I read with interest the recently published article by Rjiba-Touati and colleagues, entitled ‘‘The protective effect of recombinant human erythropoietin against cisplatin-induced renal and hepatic dysfunctions in Wistar rats,’’ in the esteemed journal of Human & Experimental Toxicology. The study has focused to explore the protective effect of recombinant human erythropoietin against cisplatin-induced renal and liver dysfunctions. They suggest that erythropoietin treatment restored body weight, organ weight, and organ ratio as well as serum biochemical parameters changed due to cisplatin exposure. I would like to mention a few points about cisplatininduced nephrotoxicity. Recently, I observed that estrogen abolished protective effect of erythropoietin against cisplatin nephrotoxicity in ovariectomized rats. In another experimental study, my colleagues and I found that L-arginine had protective effect against cisplatin nephrotoxicity in male rats; however, it promoted damage in female subjects. We described a gender-related difference in rat model of cisplatin nephrotoxicity. Since, the role of gender in cisplatin nephrotoxicity is not well known, we recently conducted a study on rat model of cisplatin nephrotoxicity and observed that losartan prevented cisplatin nephrotoxicity in male subjects, but it induced tubular damage in female subjects, which might be related to the rennin angiotensin system receptors in the kidneys. Additionally, we recently reported that vitamin E, vitamin C, or losartan had no ameliorative effects against cisplatin nephrotoxicity in the presence of estrogen in ovariectomized rats, which is in agreement with our previous findings. Kidney protective effect of erythropoietin was also shown in our previous studies.
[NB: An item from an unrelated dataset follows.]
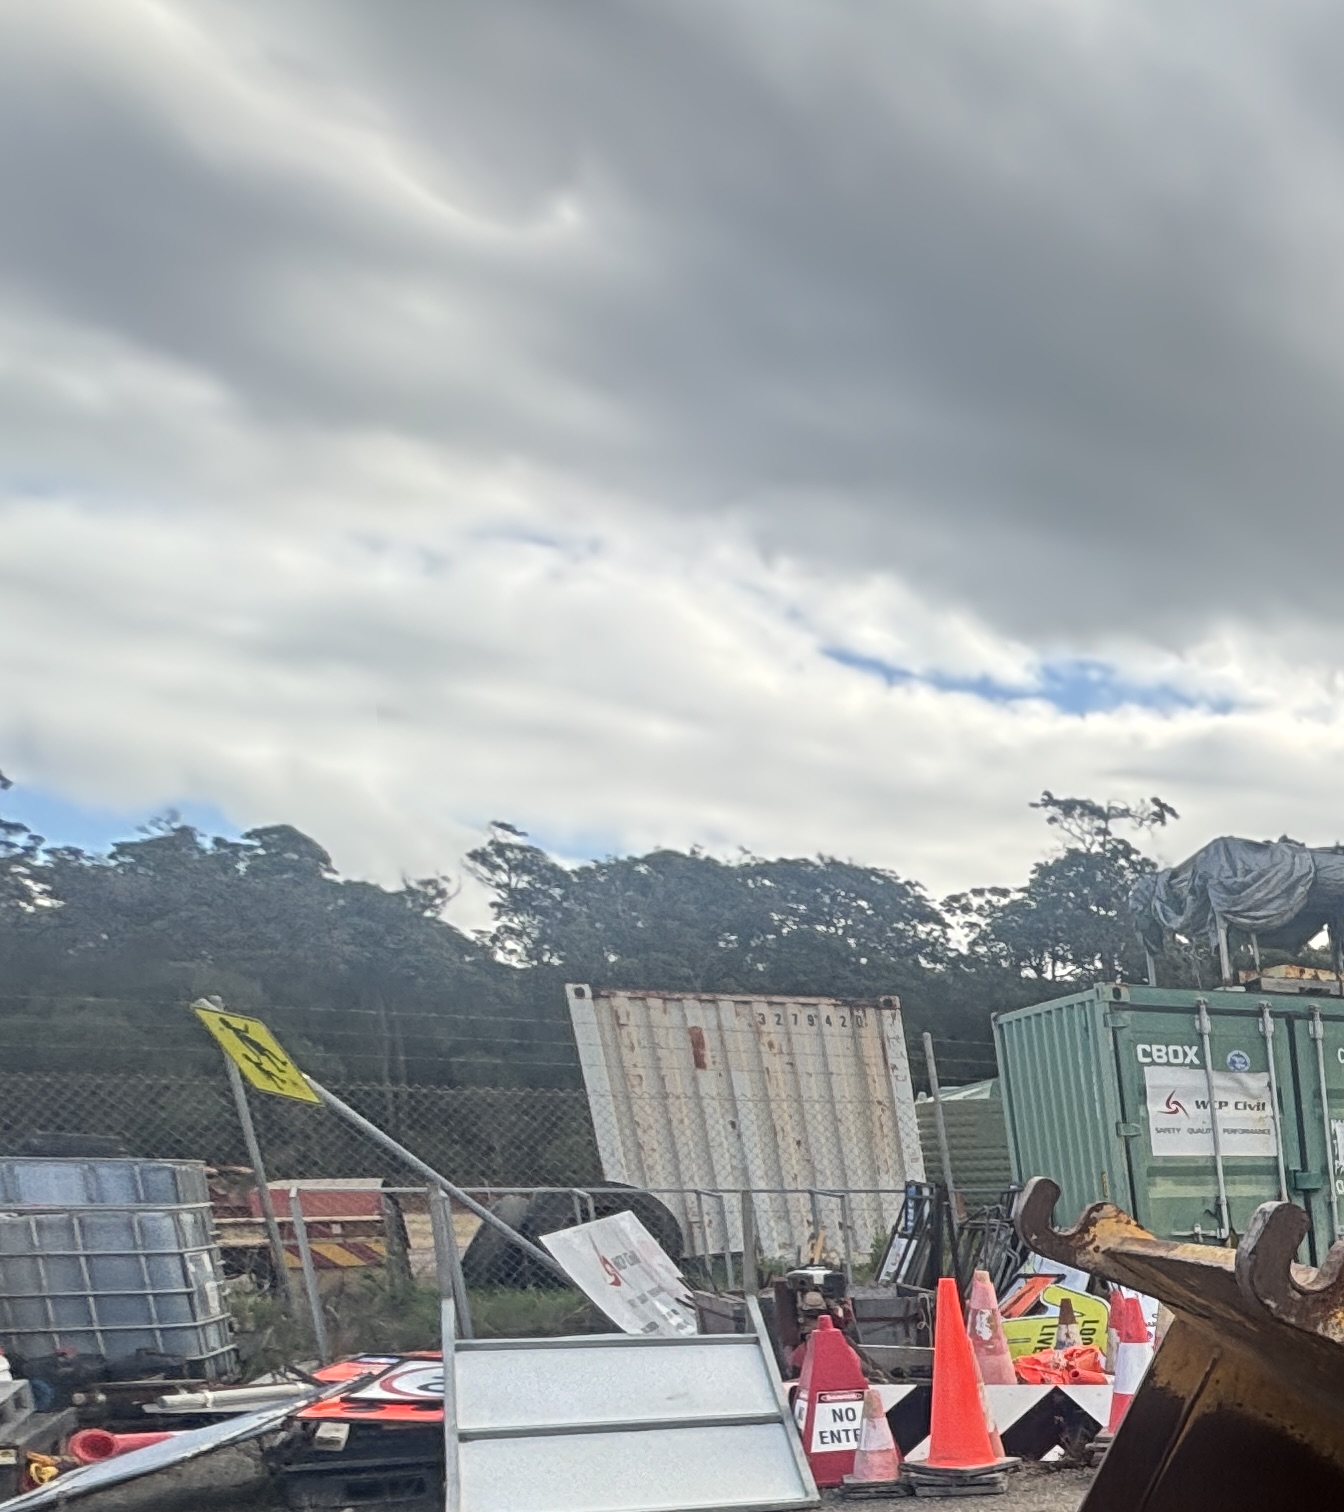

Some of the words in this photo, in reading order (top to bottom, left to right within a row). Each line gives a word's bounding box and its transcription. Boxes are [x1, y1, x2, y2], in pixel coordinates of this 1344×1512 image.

Therefore, it is well found that there is a sex difference in the cisplatin nephrotoxicity in rats. It is well known that some conditions that lead to chronic kidney disease are also sex related. The studies published regarding sex difference in cisplatin-induced nephrotoxicity are rare and needs to explore the mechanisms involved especially for gender differences. In this regard, to better understand the factor of gender difference in cisplatin nephrotoxicity, more experimental or clinical studies are suggested.